Sebastian Police Honors Community During 1st Annual Unity With The Community Banquet

Unity with the Community Banquet Fundraiser. Pictured from left to right: City Manager Joe Griffin, City Council members Albert Iovino and Linda Kinchen, Chief Michelle Morris, and Officer Donald Hart.
Unity with the Community Banquet Fundraiser. Pictured from left to right: City Manager Joe Griffin, City Council members Albert Iovino and Linda Kinchen, Chief Michelle Morris, and Officer Donald Hart.

SEBASTIAN, Florida – Six awards were handed out by Sebastian Police Chief Michelle Morris Saturday at the 1st Annual Unity with the Community Banquet Fundraiser. All proceeds help to fund their community outreach programs.

The recipients of the Special C.O.P.E. Recognition Awards were Bruce Zingman, Sebastian City Manager Joe Griffin, Sebastian Walmart manager Bill Bales, Sebastian Police Officer Tegpreet “PREET” Singh, the Sebastian Exchange Club, and the Arden J. Greer Charitable Trust.

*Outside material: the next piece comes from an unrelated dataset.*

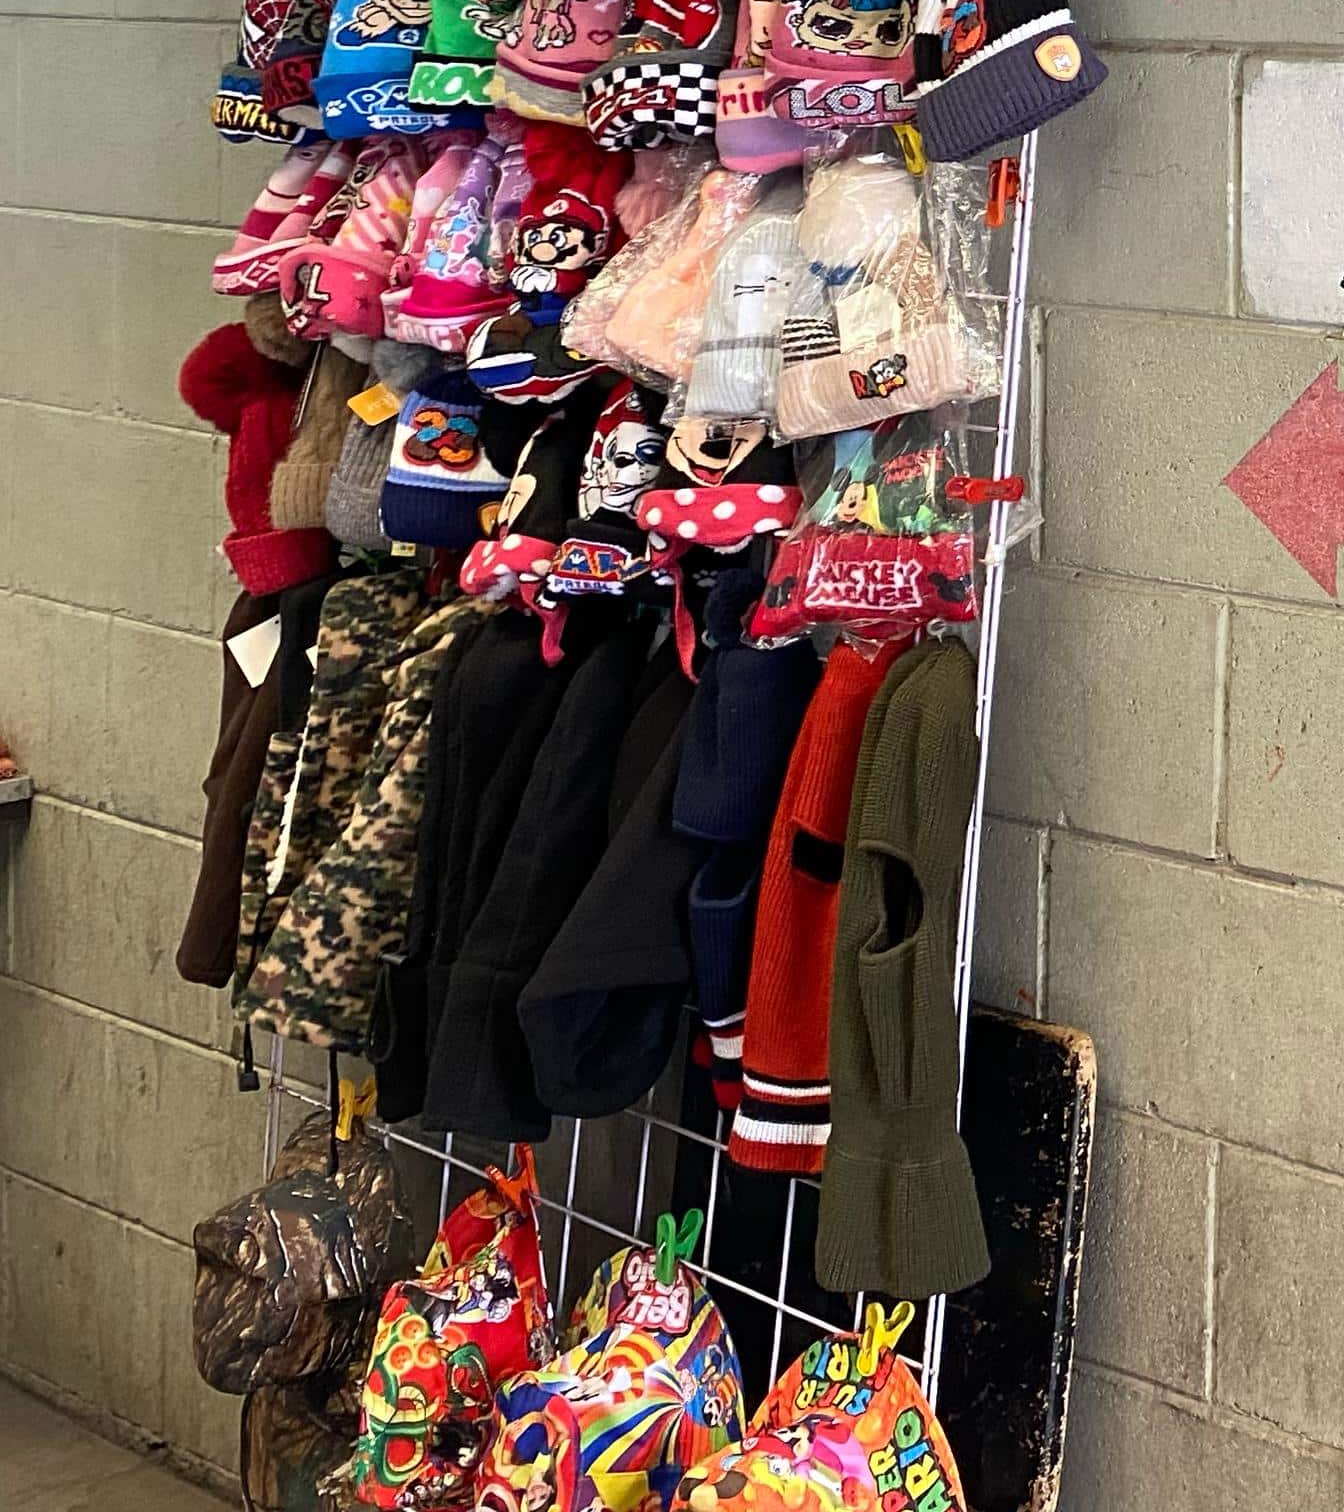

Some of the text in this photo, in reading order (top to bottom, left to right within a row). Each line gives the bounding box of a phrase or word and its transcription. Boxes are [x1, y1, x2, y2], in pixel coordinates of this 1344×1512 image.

The guest speaker was Commissioner Joe Flescher.

This banquet raises money for programs, such as radKIDS and C.O.P.E., and gives the police department the opportunity to recognize people and businesses that have gone above and beyond to help their efforts.

Citizen – Bruce Zingman

Bruce Zingman pictured in middle.
Bruce Zingman (middle).

Bruce Zingman has been in charge of the Sebastian Christmas Parade for more than a decade. Every year he has dedicated many hours supporting the Salvation Army including ringing the bell at various locations ensuring children and families in need have a Merry Christmas.

Bruce volunteers with many other community services organizations in the region. He is at almost every event in the City and is always encouraging and supporting the outreach efforts of the Police Department.

City Employee – Joe Griffin

City Manager Joe Griffin pictured left.
City Manager Joe Griffin (left).

Joe Griffin started with the City of Sebastian as the Airport Director in 2006. In 2014, Joe was appointed City Manager by the Sebastian City Council. In both roles, he has been a strong supporter of the Sebastian Police Department, encouraging and supporting the various community outreach programs and projects.

“Well, this was a surprise, it really was,” Griffin said. “I’d be remiss if I couldn’t remember someone who was a long time employee with the City who we miss dearly and supported this police department, and that’s Bob Ginsburg. So, just for a second, think of Bob and some of the contributions that he made to this City, to this police department, he helped me, he helped the council. He had a deep and loving interest in this place and all of you.”

Business – Sebastian Walmart #1068 – Bill Bales

Sebastian Walmart manager Bill Bales was recognized for his contribution to the community. Walmart is the main sponsor and partner of the Sebastian Police’s “Shop with a Cop” event every year.

Walmart provides the children and police officers with food, a cheerful welcoming, and the largest monetary donation to provide more than 120 underprivileged children each year.

Employee – Officer Tegpreet “Preet” Singh

Officer Tegpreet "Preet" Singh pictured right.
Officer Tegpreet “Preet” Singh (right).

Prior to attending the police academy, Officer Tegpreet “Preet” Singh served as a volunteer with the Sebastian Police Department for two years. He was sworn in October 2016 and has spent almost every single day engaged in the true art of Community Policing.

Almost every day, including his days off, he spends time at the local basketball courts and city recreational facilities talking with kids and members of the community developing relationships with Sebastian citizens.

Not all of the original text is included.